To the best of our knowledge, this is the first report of MH development documented on the first POD following vitrectomy for RRD. In the largest series reported by Schlenker et al., among the 18 cases of MH development in vitrectomized eyes post-RD repair, 2 cases developed MH as early as 2 days postvitrectomy, while 5 more cases developed within 5–10 days. A degenerative form of CME was advocated as an inciting factor for early MH formation. They also suggested that reattachment of such swollen and distorted macula may stretch the fovea and thereby may change the tractional dynamics, enough to induce spontaneous umbo dehiscence. Degenerative changes and thinning of the macula have been reported in long-standing macula-off RRD due to hypoxia and deficiency of nutrients provided by retinal pigment epithelium–choriocapillaris complex, which may also predispose to MH formation., This explains the fact that MH formation following RRD repair is more common in macula-off cases. Similarly, our case also had a long-standing macula-off RRD with a duration of 3 months.
Iatrogenic trauma during vitrectomy might be another possible mechanism for triggering the MH formation, especially for cases seen in immediate postoperative period. Lee et al. suggested that an interval of 3 months between the primary vitrectomy and MH formation in 60% of patients indicates a possible iatrogenic mechanism. Tsilimbaris et al. also advocated that the proximity of MH diagnosis to vitrectomy for RRD would indicate the role of possible surgical manipulations and consequent inflammatory processes. The iatrogenic mechanism of MH formation includes mechanical trauma resulting from forceful jet of PFCL or SO directed inadvertently over the fovea,,, or accidental instrument touch, phototoxicity from endoilluminator, and SO toxicity to retinal tissue.,,,, However, in our case, mechanical trauma to fovea by inadvertent injection of PFCL or SO jet, or by direct instrument touch, was absent intraoperatively. Phototoxicity can cause immediate damage to retinal tissue. However, no case of phototoxicity-induced MH following the use of endoilluminator in extramacular surgeries has been reported so far. Studies have shown significant thinning of inner retinal layers in vitrectomized eyes with SO tamponade compared to gas-filled eyes, but such changes were noted several months after SO removal.

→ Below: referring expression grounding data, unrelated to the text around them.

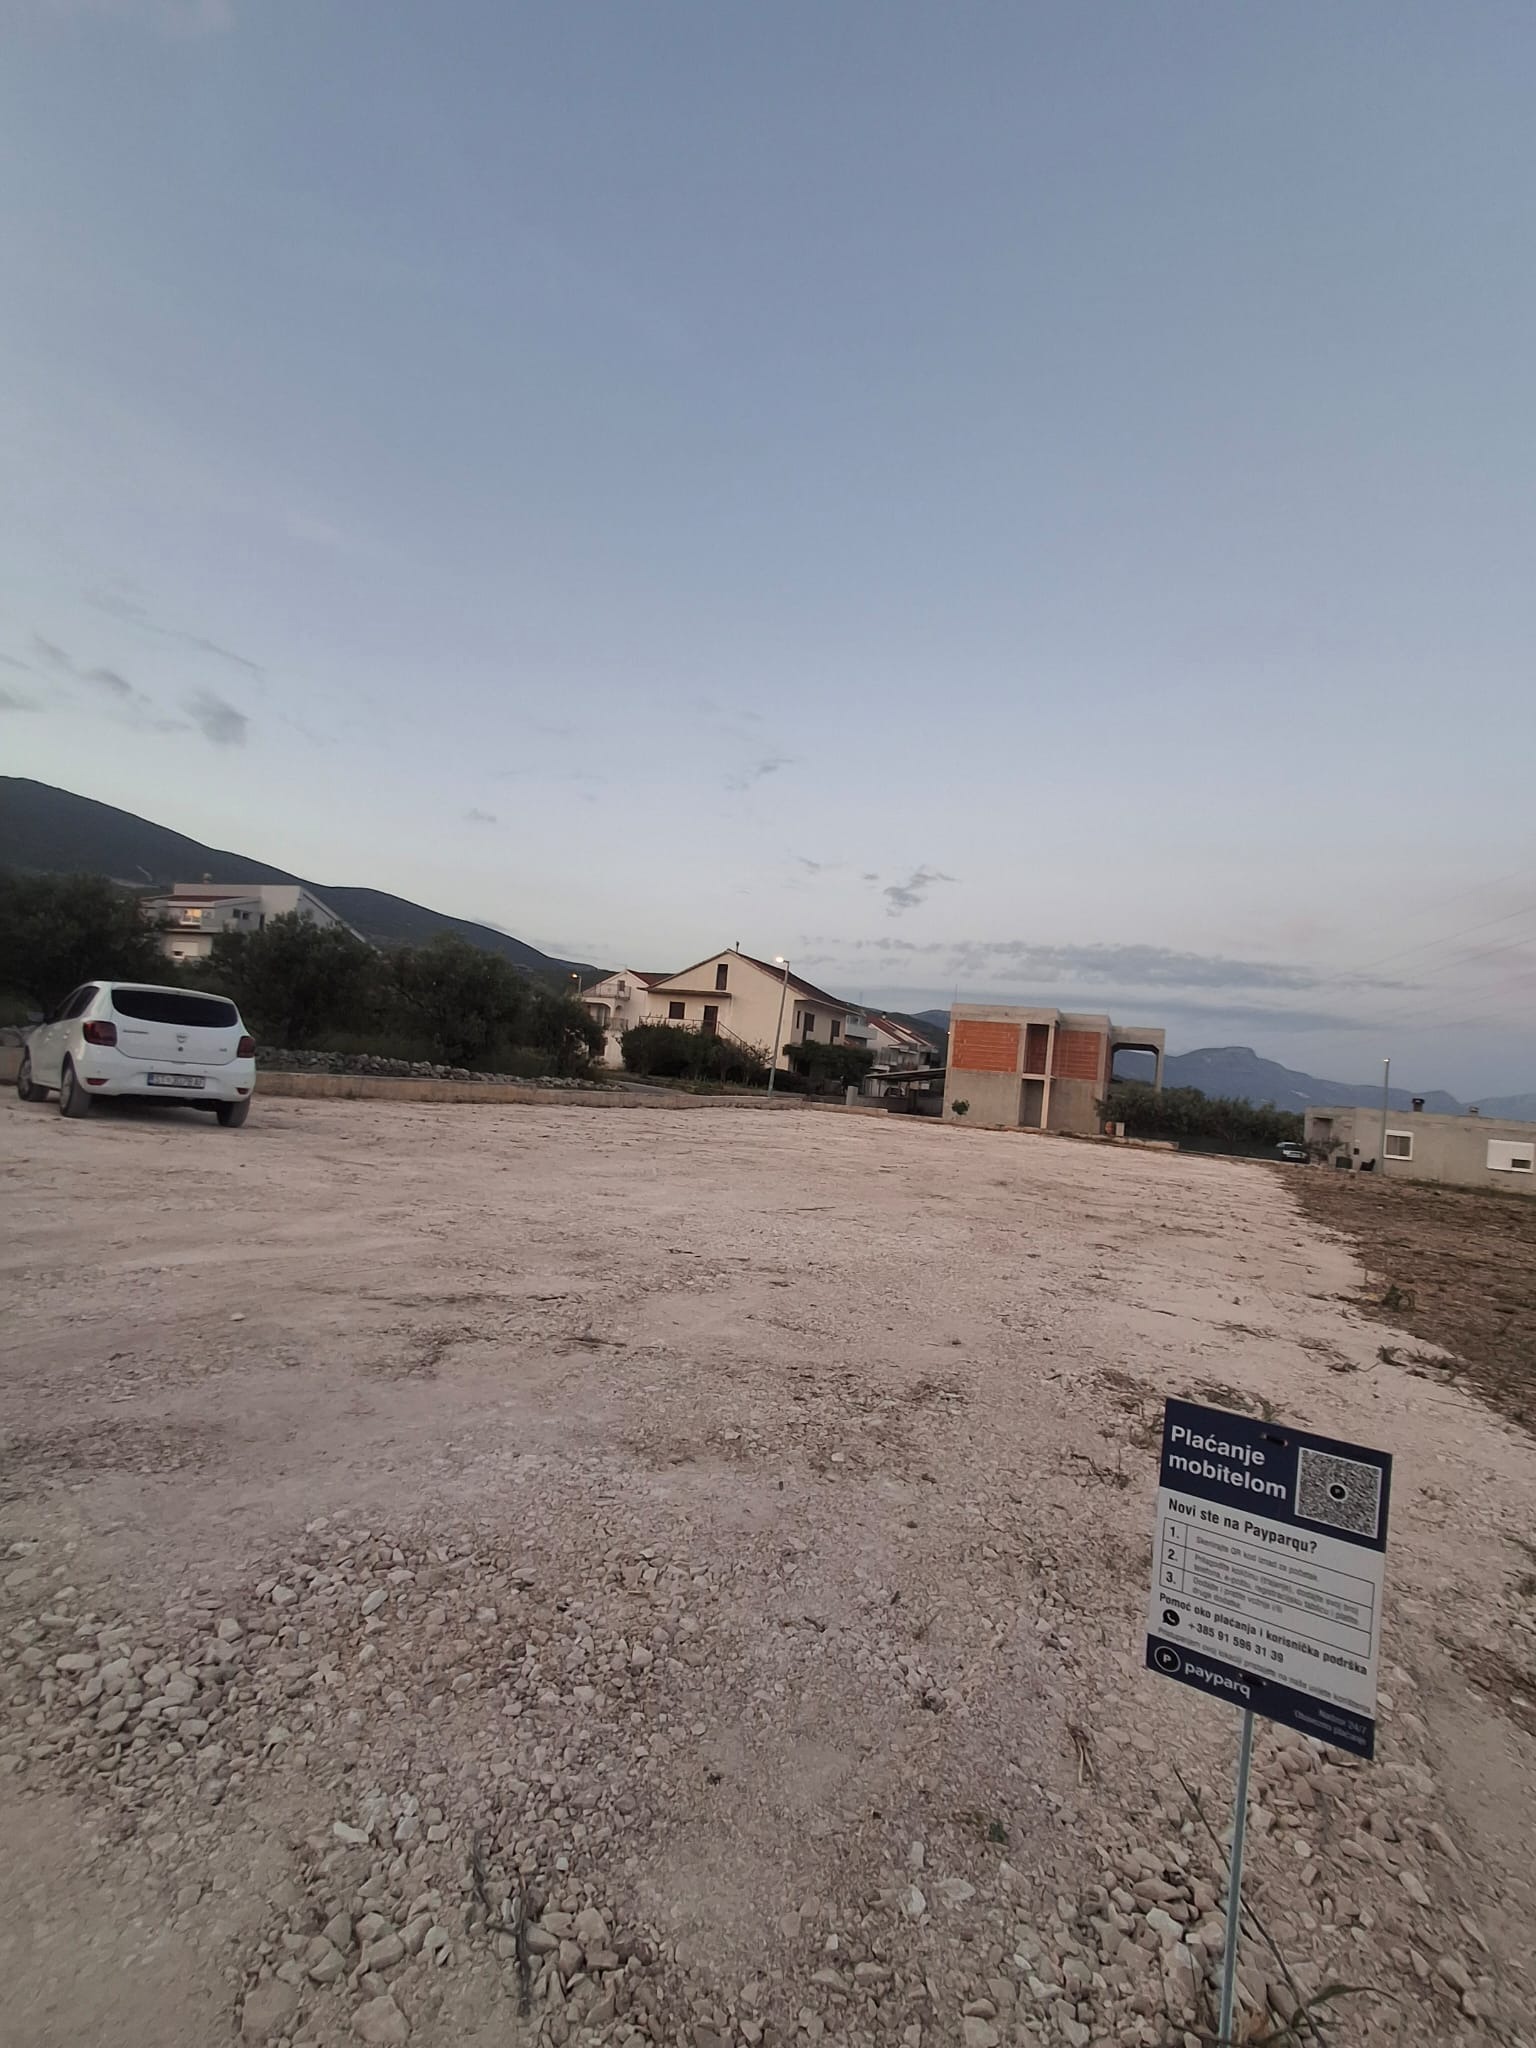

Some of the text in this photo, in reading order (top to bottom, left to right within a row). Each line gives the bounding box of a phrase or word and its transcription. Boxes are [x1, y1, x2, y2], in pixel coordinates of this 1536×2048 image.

[1171, 1425, 1265, 1466] Plaćanje
[1169, 1454, 1286, 1499] mobitelom
[1168, 1498, 1196, 1517] Novi
[1200, 1508, 1219, 1524] ste
[1223, 1515, 1240, 1530] na
[1244, 1520, 1318, 1554] Payparqu?
[1170, 1526, 1180, 1539] 1.
[1167, 1548, 1178, 1561] 2.
[1165, 1571, 1176, 1584] 3.
[1160, 1592, 1191, 1611] Pomoć
[1194, 1606, 1211, 1618] oko
[1214, 1613, 1257, 1635] plaćanja
[1266, 1630, 1320, 1658] korisnička
[1322, 1652, 1368, 1675] podrška
[1188, 1622, 1215, 1637] +385
[1218, 1630, 1229, 1642] 91
[1254, 1644, 1267, 1656] 31
[1270, 1650, 1284, 1663] 39
[1162, 1653, 1172, 1663] P
[1185, 1662, 1251, 1699] payparq

In our case, FTMH was noted on the first POD along with a hyper-reflective membrane with variable thicknesses over the inner retinal layers resembling ILM, beneath the SO meniscus. This membrane disappeared after 2 weeks of follow-up on anti-inflammatory medications. In addition, this hyper-reflective membrane bridging the MH had increased reflectivity beneath it compared to the area just above it, i.e., below the SO interface, and hence it could be an inflammatory fibrinous membrane rather than an intact ILM. These findings suggest toward an inflammatory pathogenic process for rapid MH development. Though the exact pathogenesis of acute postoperative MH development in this case is unclear, literature supports that this could be a manifestation of multiple contributory factors. Coalescence of microcystic spaces, ischemia-induced retinal tissue damage, phototoxicity, laser-induced inflammation, and/or SO-related inflammation and toxicity could be the contributory factors.

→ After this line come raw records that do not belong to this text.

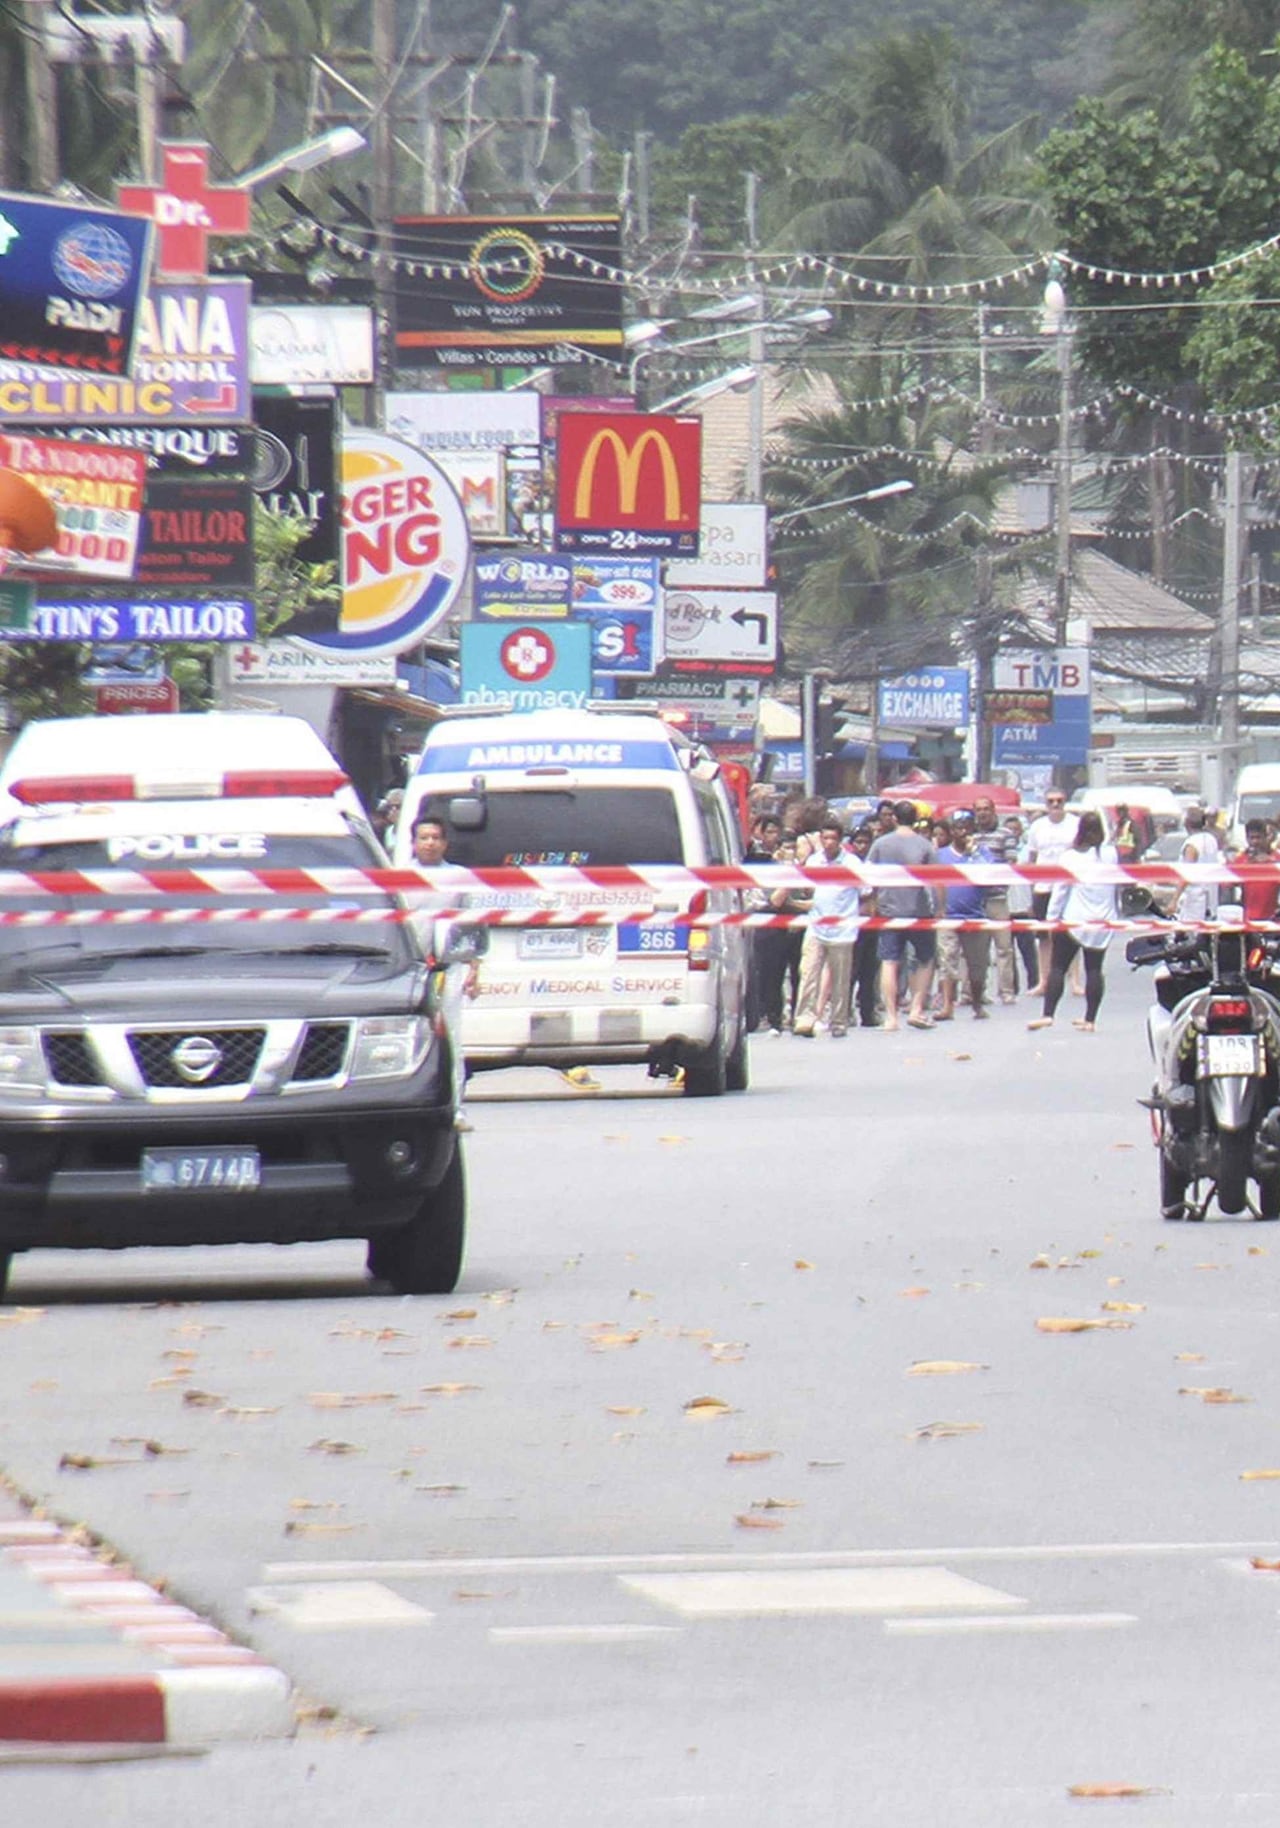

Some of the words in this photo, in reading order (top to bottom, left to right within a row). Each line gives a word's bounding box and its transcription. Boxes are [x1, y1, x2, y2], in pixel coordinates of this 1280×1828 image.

[154, 192, 212, 226] Dr.
[0, 381, 173, 414] CLINIC
[151, 510, 246, 544] TAILOR
[610, 530, 637, 549] 24
[130, 603, 248, 637] TAILOR
[1012, 660, 1081, 688] TMB
[637, 682, 722, 696] PHARMACY
[882, 691, 963, 719] EXCHANGE
[1001, 727, 1038, 742] ATM
[468, 743, 623, 766] AMBULANCE
[108, 833, 267, 863] POLICE
[639, 931, 676, 950] 366
[530, 979, 604, 994] MEDICAL
[612, 976, 683, 992] SERVICE

MH closure under SO tamponade, even without ILM peeling, has been reported in various studies., Karia et al. noted MH closure in 90% eyes during follow-up at 6 weeks after PPV and air–SO exchange without ILM peeling. In our case, MH closure was noted at 2 weeks postoperatively. The closure was probably assisted by the scaffold of fibrinous membrane or fibrin clot under which glial tissue proliferated to fill the hole.
| Conclusion|| |
We describe a heretofore unreported case of rapid FTMH formation with a bridging ILM-like reflectivity under SO meniscus, on the first POD of vitrectomy for RRD, followed by early closure under SO tamponade. The rapid MH development in this case highlights the possible contributory role of multiple nonconventional mechanisms such as cystoid macular changes, ischemic retinal tissue damage, surgical manipulation, and postsurgical inflammation. It is important to understand and recognize early MH formation as a postoperative complication of vitrectomy surgery for RRD and its natural course.
Declaration of patient consent
The authors certify that they have obtained all appropriate patient consent forms. In the form the patient(s) has/have given his/her/their consent for his/her/their images and other clinical information to be reported in the journal. The patients understand that their names and initials will not be published and due efforts will be made to conceal their identity, but anonymity cannot be guaranteed.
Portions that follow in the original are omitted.